29 AGOSTO: Alle 9, mi chiamarono 2 americani, con l’ordine di portarmi a Milano. Il viaggio durò circa 3 ore. La giornata era piena di sole. Avevo percorso quella strada 4 mesi prima, quando indossavo ancora la mia divisa e stringevo il mitra tra le mani. Quando fui al bivio dove termina la Valtellina, inviai mentalmente un ultimo saluto ai camerati rimasti per sempre nella vallata dove avremmo dovuto combattere l’ultima battaglia attorno a Mussolini. Arrivammo a Milano e mi rinchiusero a S.Vittore. Dietro quelle inferriate trascorsi più di un mese e mezzo: dal 29 agosto al 26 ottobre. San Vittore, in quei giorni, era tutto fuorché un carcere: caserma, manicomio, casa di tolleranza, dormitorio pubblico, centro culturale, gigantesco ring. Non c’era porta che si chiudesse, serratura che funzionasse. Vi accadevano le cose più assurde, strampalate, paradossali. Mi ritrovai in mezzo a centinaia, migliaia di persone in mutande, per il gran caldo. I muri erano pieni di simboli e di iscrizioni. Ne ricordo una: “Quando nel mondo la canaglia impera, la patria degli onesti è la galera”. Sentivo alcuni urlare: “Porci, delinquenti partigiani della malora”. E altri: “Criminali, assassini, fascisti”. Due schieramenti erano nettamente delineati. I partigiani si assiepavano davanti all’ingresso del loro raggio, i fascisti li fronteggiavano minacciosi. E la folla aumentava a vista d’occhio. Stavano arrivando uomini da altri 3 raggi, tutti occupati dai fascisti. Sentii vivissimo il desiderio di unirmi a loro. Udii un grido: “Decima!”, e si scatenò l’ira di dio. La mischia si accese furibonda. Noi saremo stati, a dir poco, 2.000. Altrettanti si erano piazzati in seconda linea, anche perché la rotonda era ormai piena come un uovo. I partigiani erano circa un migliaio. La lotta si frazionò in 100 diversi scontri. Troppi rancori, troppo odio li dividevano.
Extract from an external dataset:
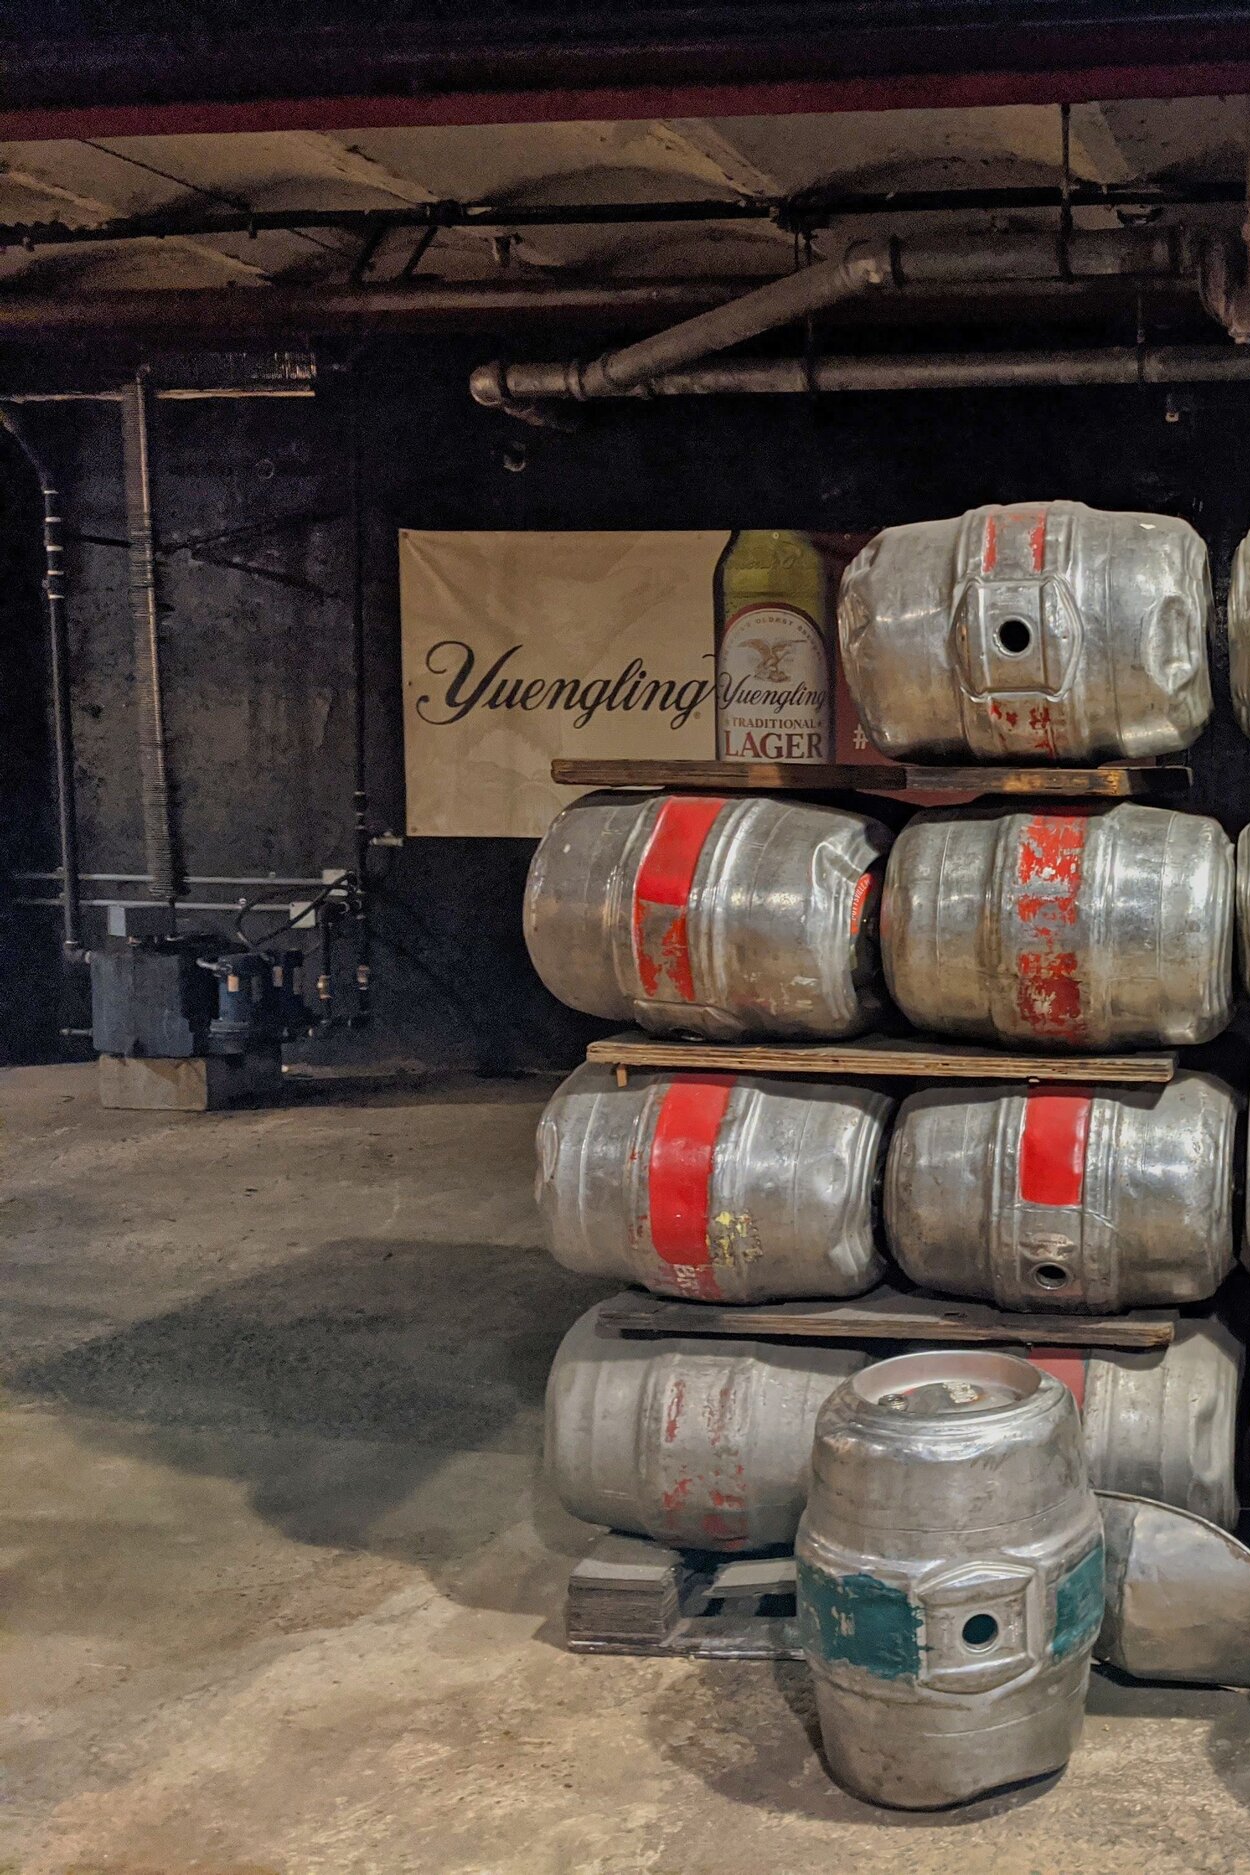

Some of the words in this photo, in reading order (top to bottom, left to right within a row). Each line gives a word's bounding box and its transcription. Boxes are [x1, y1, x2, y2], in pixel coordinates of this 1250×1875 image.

[416, 641, 716, 730] Yuengling
[717, 671, 827, 714] Yuengling
[732, 717, 816, 729] TRADITIONAL
[724, 730, 823, 759] LAGER
I partigiani, poi, erano dentro per reati comuni. I fascisti per motivi politici. A me importava poco in quel momenti conoscere il perché di quanto stava accadendo. C’era da picchiare i partigiani, e tanto mi bastava. Fu una scazzottata entusiasmante, memorabile. Per un vero miracolo non ci scappò il morto. Alla fine restarono solo i partigiani, alcune centinaia dei quali pesti e sanguinanti. Noi ci ritrovammo tutti nella rotonda. Ci sentivamo soddisfatti, come se ci fossimo presi chissà quale rivincita. Un coro possente si levò da tutti noi: “Giovinezza”, “Inno dei Battaglioni M” e l’“Inno a Roma”.
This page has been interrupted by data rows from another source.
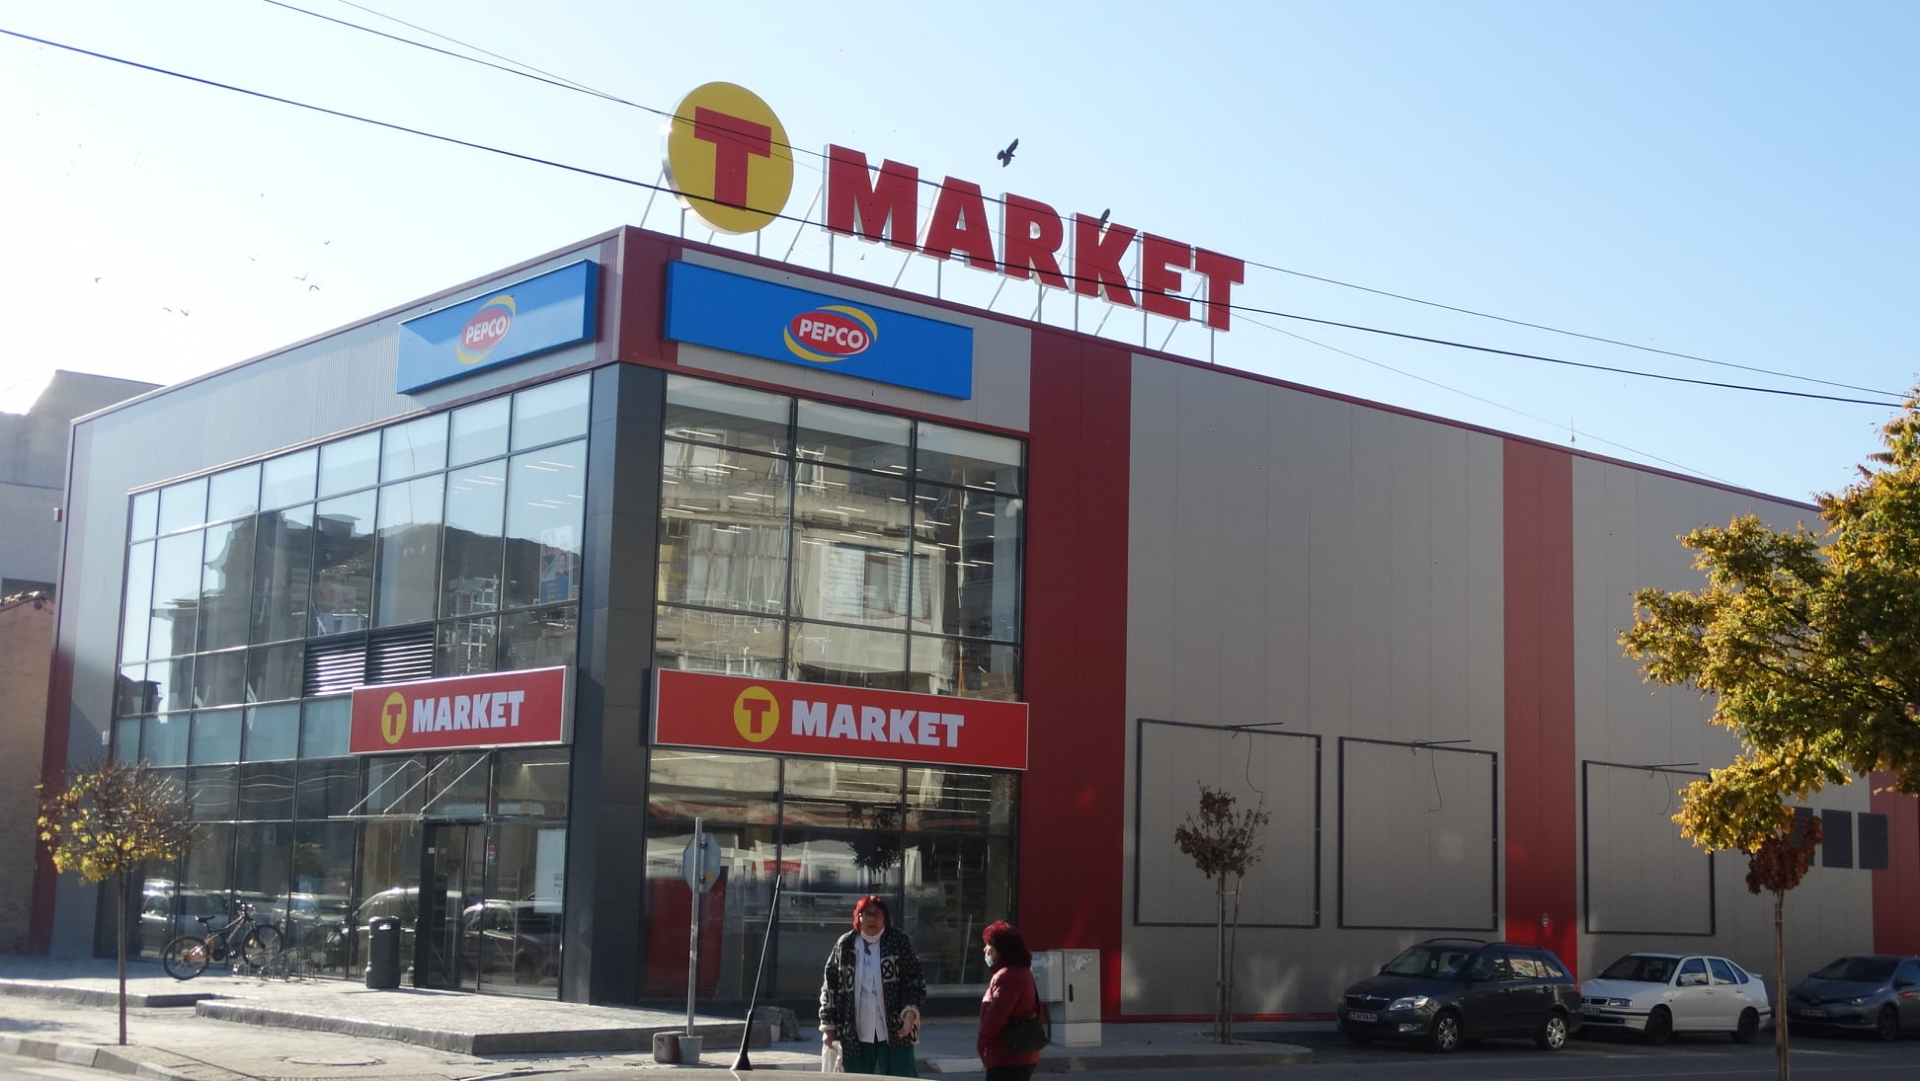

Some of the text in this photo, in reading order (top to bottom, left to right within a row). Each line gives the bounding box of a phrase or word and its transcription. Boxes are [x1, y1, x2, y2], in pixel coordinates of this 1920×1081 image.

[694, 106, 1245, 333] T MARKET
[465, 315, 507, 345] PEPCO
[799, 318, 864, 349] PEPCO
[387, 690, 525, 736] T MARKET
[743, 698, 965, 748] T MARKET
11-12 SETTEMBRE: E’ il giorno della rivolta di San Vittore. Fu una cosa improvvisa, erano circa le 11. Clamori altissimi si levavano ovunque. Migliaia di detenuti, confluiti nella rotonda, si affollavano lungo il 1° raggio, in fondo al quale si apriva la successione dei cancelli che ci divideva dalla libertà. Le prime porte erano state già sfondate. Centinaia di uomini premevano disperatamente per scardinare gli ultimi ostacoli. “Avanti, – sentii gridare – tra mezz’ora siamo tutti in piazza Duomo!”. Scardinando ad uno ad uno tutti gli sbarramenti, giungemmo alla fine sotto l’ultimo portone. Un’autoblindo era stata fatta arrivare di fronte all’ingresso. Se fossimo riusciti a scardinare anche quest’ultimo sbarramento, sarebbe stato un massacro. Seguì una mezz’ora di caos. Verso il tramonto si sparse la voce che, scavando nei sotterranei del 2° raggio, era possibile individuare una soletta di cemento armato. Spezzandola, saremmo potuti scappare attraverso le fogne e affiorare da qualche tombino. I più intraprendenti si misero a scavare. Gli attrezzi non mancavano. Gli agenti della polizia partigiana intanto avevano circondato l’edificio e sparavano senza interruzione .Verso le 4 una squadra che stava demolendo un muro si scontrò con un’altra che scavava in senso contrario. Un gruppo era composto da partigiani, l’altro da fascisti. Quei folli, invece di unire gli sforzi, cominciarono a darsele di santa ragione. Altri scontri si accesero un po’ ovunque. Alle 6 la polizia passò all’attacco riaprendo il fuoco contro il carcere. In breve si contarono 13 feriti. La rivolta era praticamente cessata. La mattina dopo il carcere era presidiato dai soldati inglesi e nessuno di noi poté azzardare un passo fuori. Cominciarono a volare a pianterreno tavoli, tavolini, sedie, armadietti, barattoli. Qualcuno intonò “Giovinezza” e tutti si unirono al coro. Poi, un bello spirito complicò le cose: “Ehi, guardia, devo dirti una cosa”. “Cosa?”. “Viva Mussolini!”. La guardia si arrabbiò e fece partire una raffica. Allora si scatenò di nuovo il finimondo: inni, saluti al Duce, “eja eja alalà”, e i partigiani imbestialiti che sparavano come forsennati. La buriana durò mezz’ora, poi tornarono gli inglesi. La sera del 15 ottobre mi avvisarono che, la mattina seguente, sarei stato trasferito nel campo di concentramento inglese di Collescipoli, presso Terni.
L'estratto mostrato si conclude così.